HECO has acknowledged that the deployment of such inverters can allow more solar to be put onto distribution circuits, and has additionally noted that distributed inverters closer to loads can provide better voltage control than centralized generation, which has been argued by Clean Coalition and other groups.
Tripling distributed solar
A central problem that HECO is facing is that the state already has high levels of distributed solar penetration, and that such deployment was done before the software to perform these advanced functions become commonplace. While the overall penetration of solar in Hawaii’s electric mix is less than that in California, it has fewer large-scale solar projects and more rooftop PV, and HECO estimates that the state currently hosts around 80,000 distributed PV systems.
But despite the allegations of local installers, HECO gave no indication that it is planning to stop deployment of solar. The utility says that it expects the roll-out of new technologies to allow it to triple the amount of private rooftop solar, which would bring Hawaii from 8.7% of annual electricity generation from solar as of 2016 to 25-30% – well in excess of the level that has ever been integrated in a territory the size of the state.
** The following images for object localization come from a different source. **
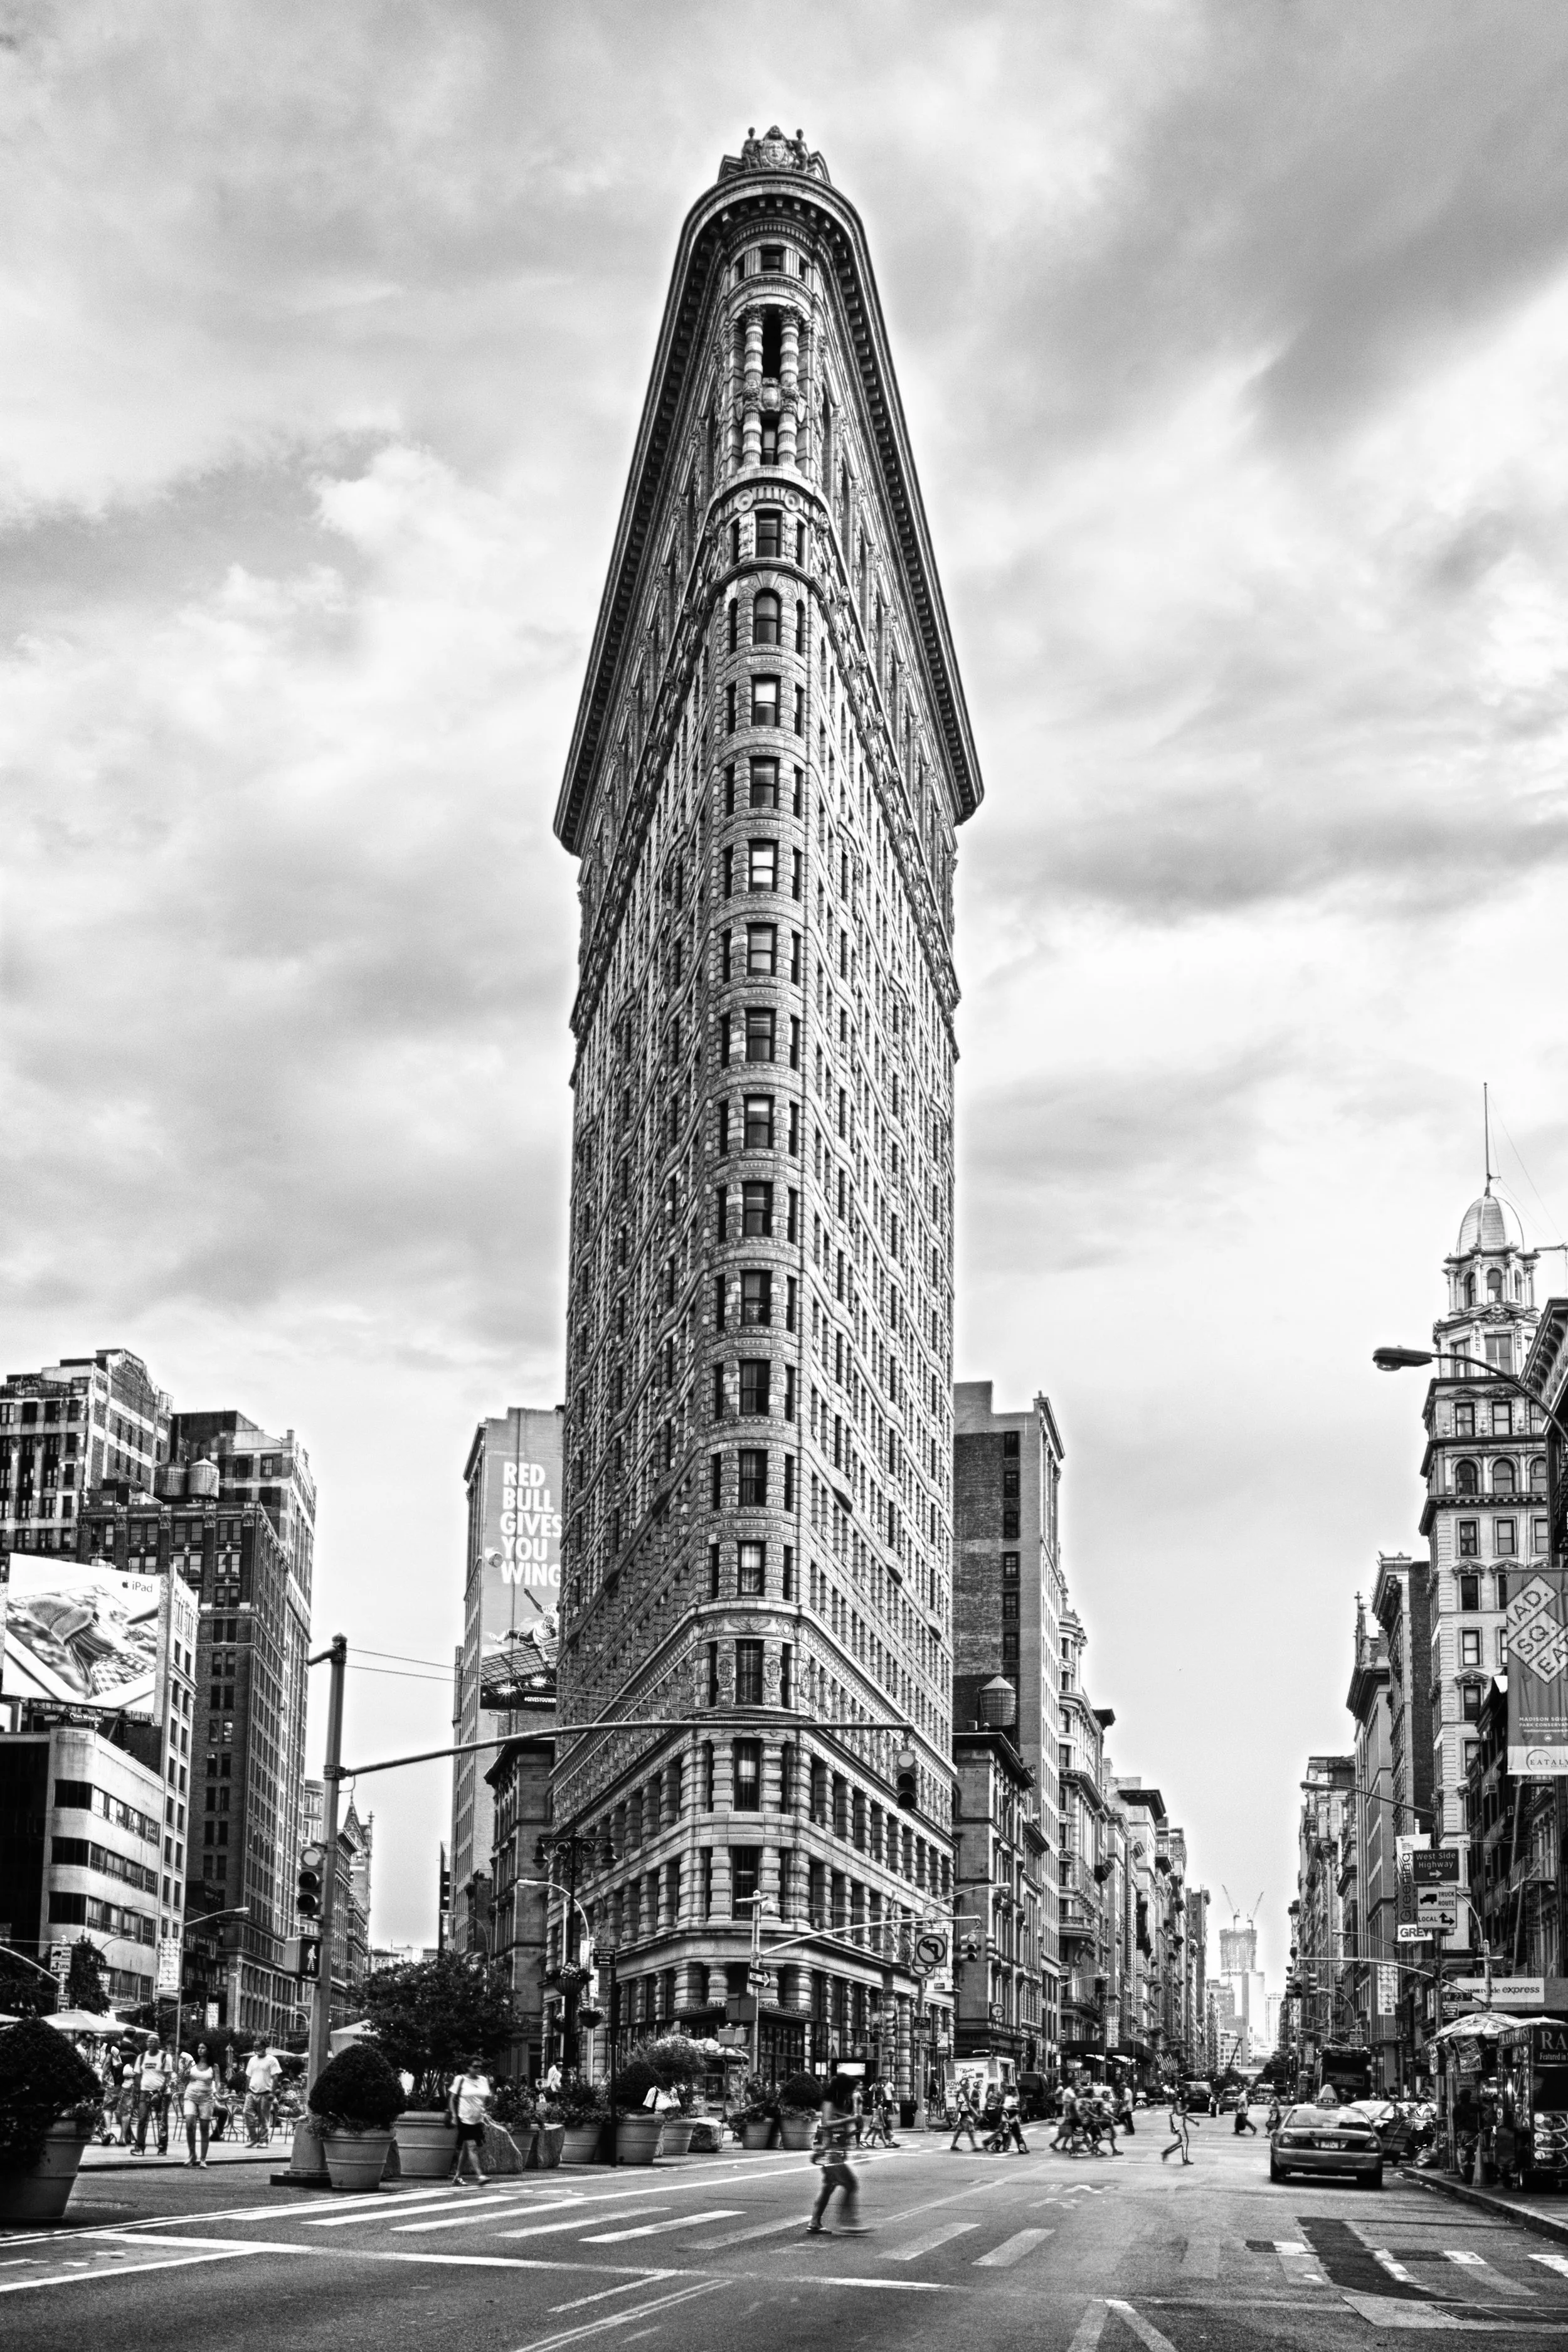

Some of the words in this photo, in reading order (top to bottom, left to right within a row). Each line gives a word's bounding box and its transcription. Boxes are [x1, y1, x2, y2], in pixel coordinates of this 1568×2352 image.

[503, 1461, 546, 1487] RED
[502, 1487, 554, 1512] BULL
[500, 1512, 562, 1537] GIVES
[501, 1535, 548, 1561] YOU
[501, 1561, 561, 1587] WING
[132, 1581, 152, 1593] iPad
[1517, 1625, 1555, 1655] SQ.
[1418, 1860, 1453, 1870] Highway
[1400, 1853, 1412, 1922] Greening
[1445, 1993, 1451, 2001] W
[1454, 1993, 1463, 2001] 23
[1502, 1986, 1540, 1995] express
[1540, 2031, 1568, 2050] RA
[1539, 2052, 1560, 2060] Featured
[1561, 2052, 1566, 2060] in
In order to integrate this additional solar, HECO has stresses the value of “variable pricing” such as time of use rates, which it has rolled out on pilot basis. The utility says that in addition to allowing the integration of more solar, TOU rates will also assist the economics of electric vehicles by encouraging charging during the solar peak.
HECO also emphasizes that the document was created with extensive stakeholder engagement, and has now opened it up for a round of comments. A final plan is expected in August, which will make way for Hawaii’s adventure with renewables and distributed energy to continue.